Work boat drifts due to GPS interference
GPS/GNSS maritime interference
From building offshore wind farms and dredging ports to marine surveys and laying underwater cables, GPS receivers have become a critical element in many offshore and nearshore applications. GPS downtime is increasingly attributed to gps jammers. Any downtime for GPS positioning at sea can have dangerous and costly consequences.
Maritime applications are increasingly using high-precision positioning such as RTK and PPP, which use not only the code information modulated onto the signal, but also the phase of the signal itself. In most cases, the signals arrive relatively unscathed, but are nearly indistinguishable above the thermal background noise, which can be a haven for any passing interferers.

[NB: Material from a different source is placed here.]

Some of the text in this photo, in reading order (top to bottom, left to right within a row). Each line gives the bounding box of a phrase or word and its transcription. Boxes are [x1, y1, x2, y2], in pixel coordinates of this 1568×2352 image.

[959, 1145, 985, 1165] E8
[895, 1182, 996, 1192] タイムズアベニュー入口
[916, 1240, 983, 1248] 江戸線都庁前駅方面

The GPS signal transmits the power of a standard light bulb, is expected to transmit over 20,000 kilometers (12,400 miles), and is still suitable for high-precision position calculations. In the presence of gps jammer interference, these phase-based modes are first affected.

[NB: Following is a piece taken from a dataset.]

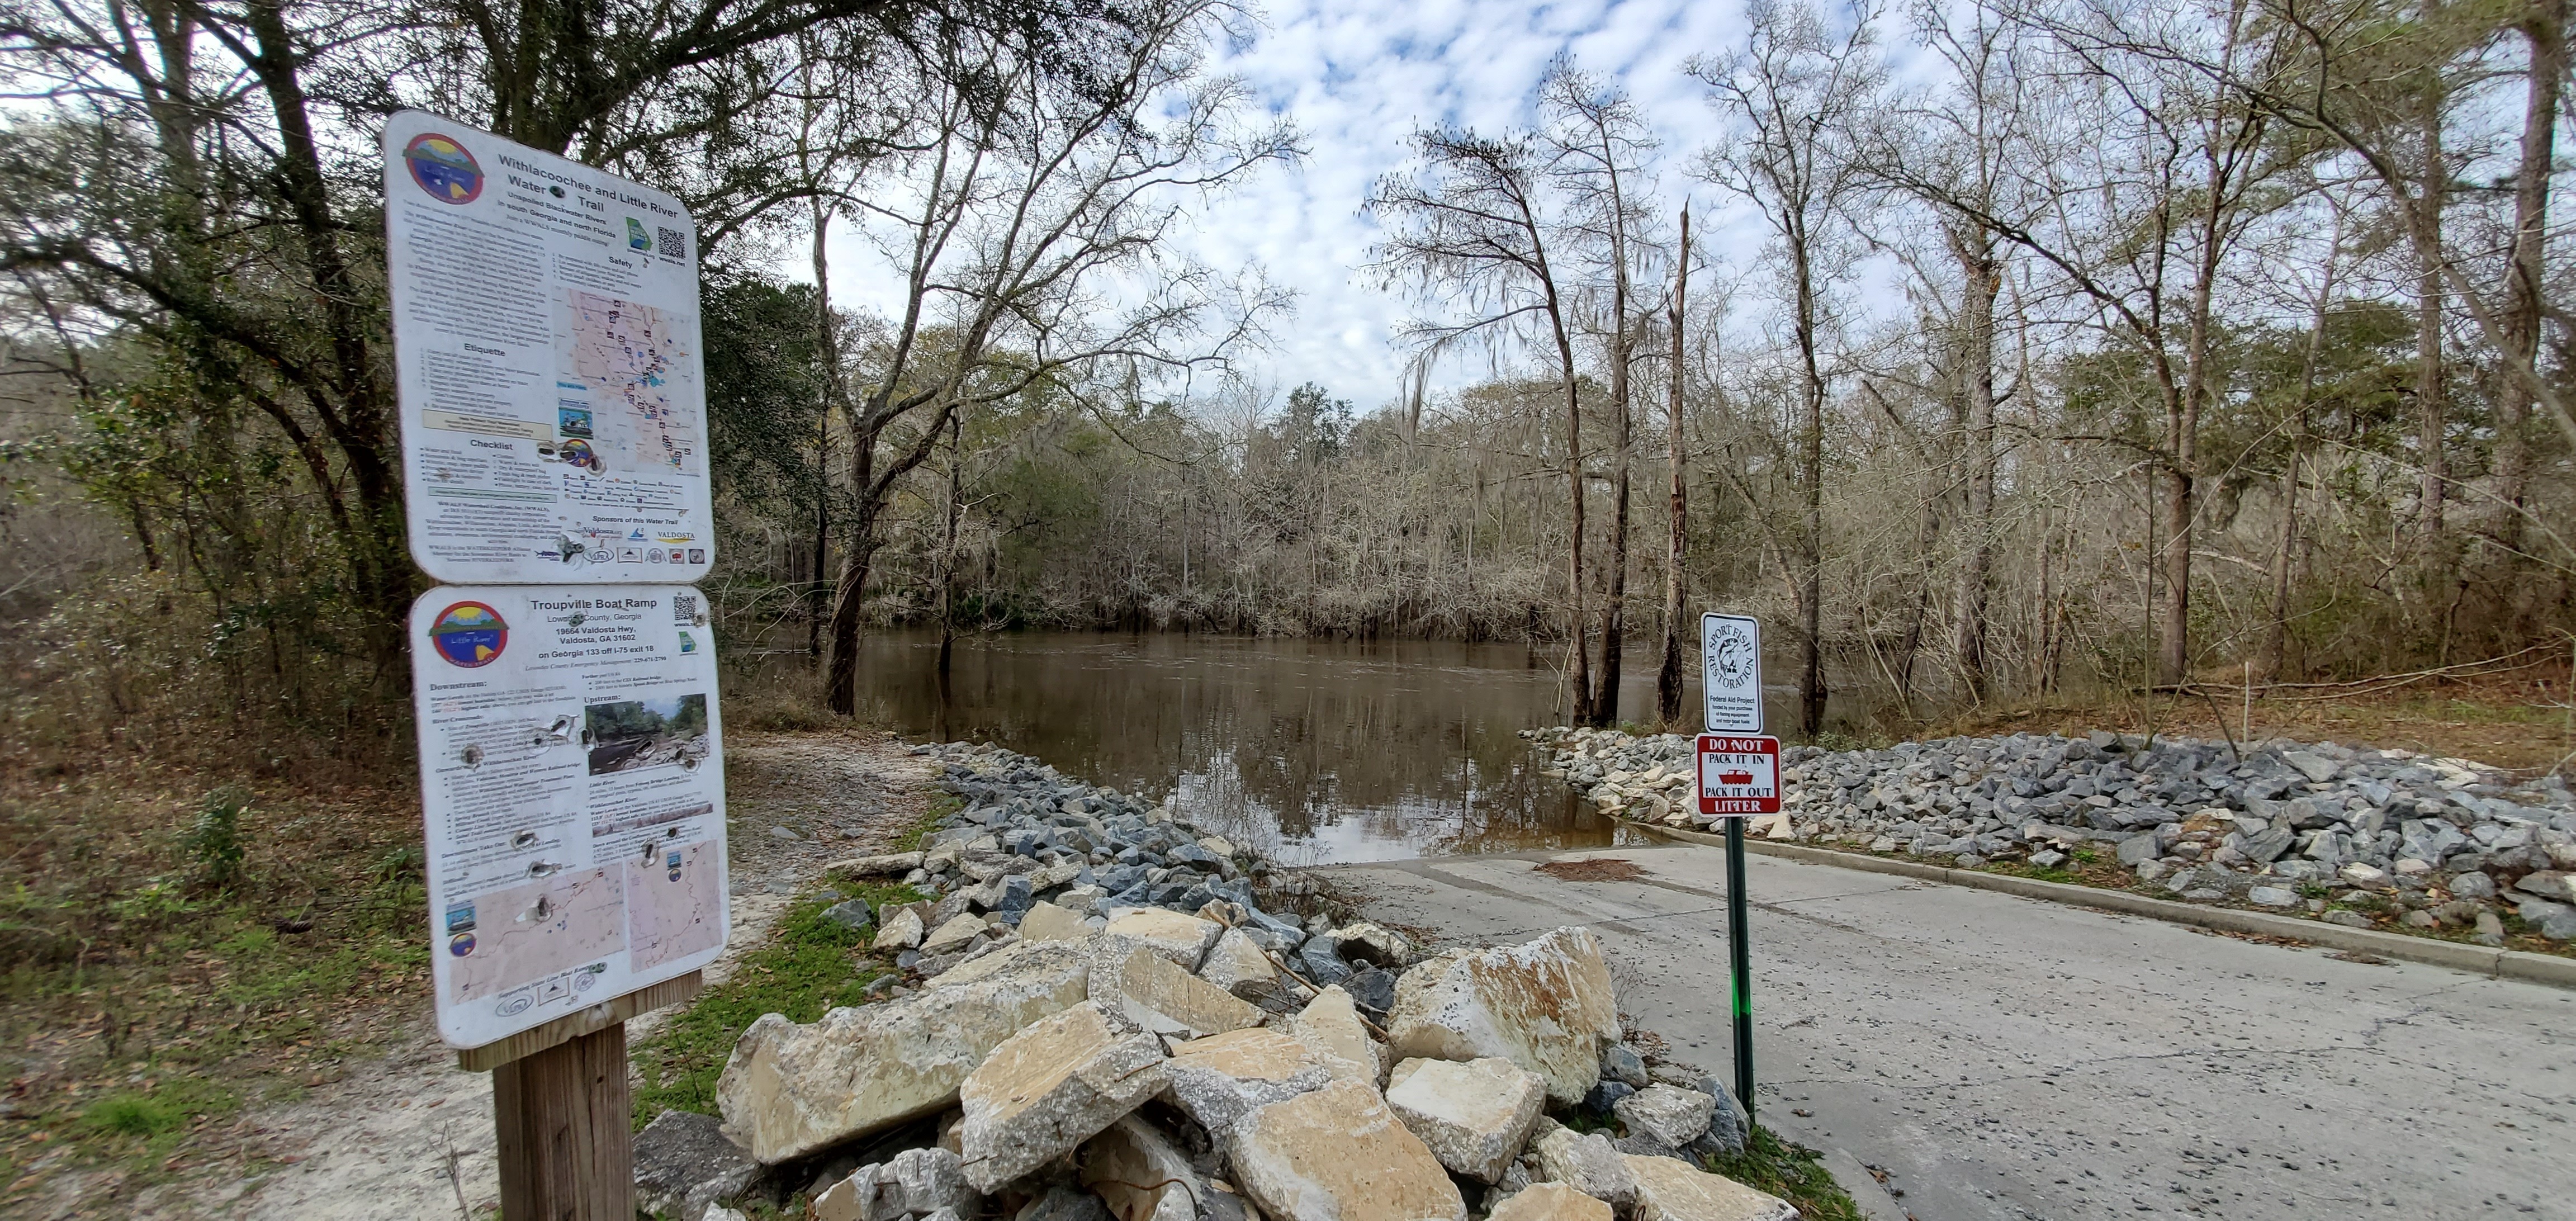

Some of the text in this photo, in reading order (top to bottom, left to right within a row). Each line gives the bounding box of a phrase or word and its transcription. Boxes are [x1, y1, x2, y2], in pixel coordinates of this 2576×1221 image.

GPS receivers are located on boats near the bay, and standard radio wave propagation models can then be used to infer interference effects across the bay. Use a GPS simulator to estimate its effect. In the case of the Port of San Diego, the simulator was programmed to generate a GPS signal that would be visible to a ship with receivers at that location.
Simulates jamming of GPS signals by mixing the emulator signal with the signal from the jammer.
Without AIM+ jammer suppression, a small 10 mW chirp jammer can disrupt RTK positioning at hundreds of meters. When AIM+ is activated, the non-RTK area shrinks to a few meters near the jammer.
Repeating the test with a continuous wave (CW) interferer of the same power, the results with the AIM+ are even more pronounced. Without AIM+, a CW jammer in a parking lot near the coast would prevent RTK positioning or actually any GPS positioning over much of the bay, and within the jammer's line of sight extending kilometers into the sea.
Depending on the nature of the interference, the stopband bandwidth is automatically adjusted from a notch of a few kHz to a rejection of 1 MHz wide. An integrated approach puts interference considerations at the forefront of receiver design and incorporates them into every stage of signal processing.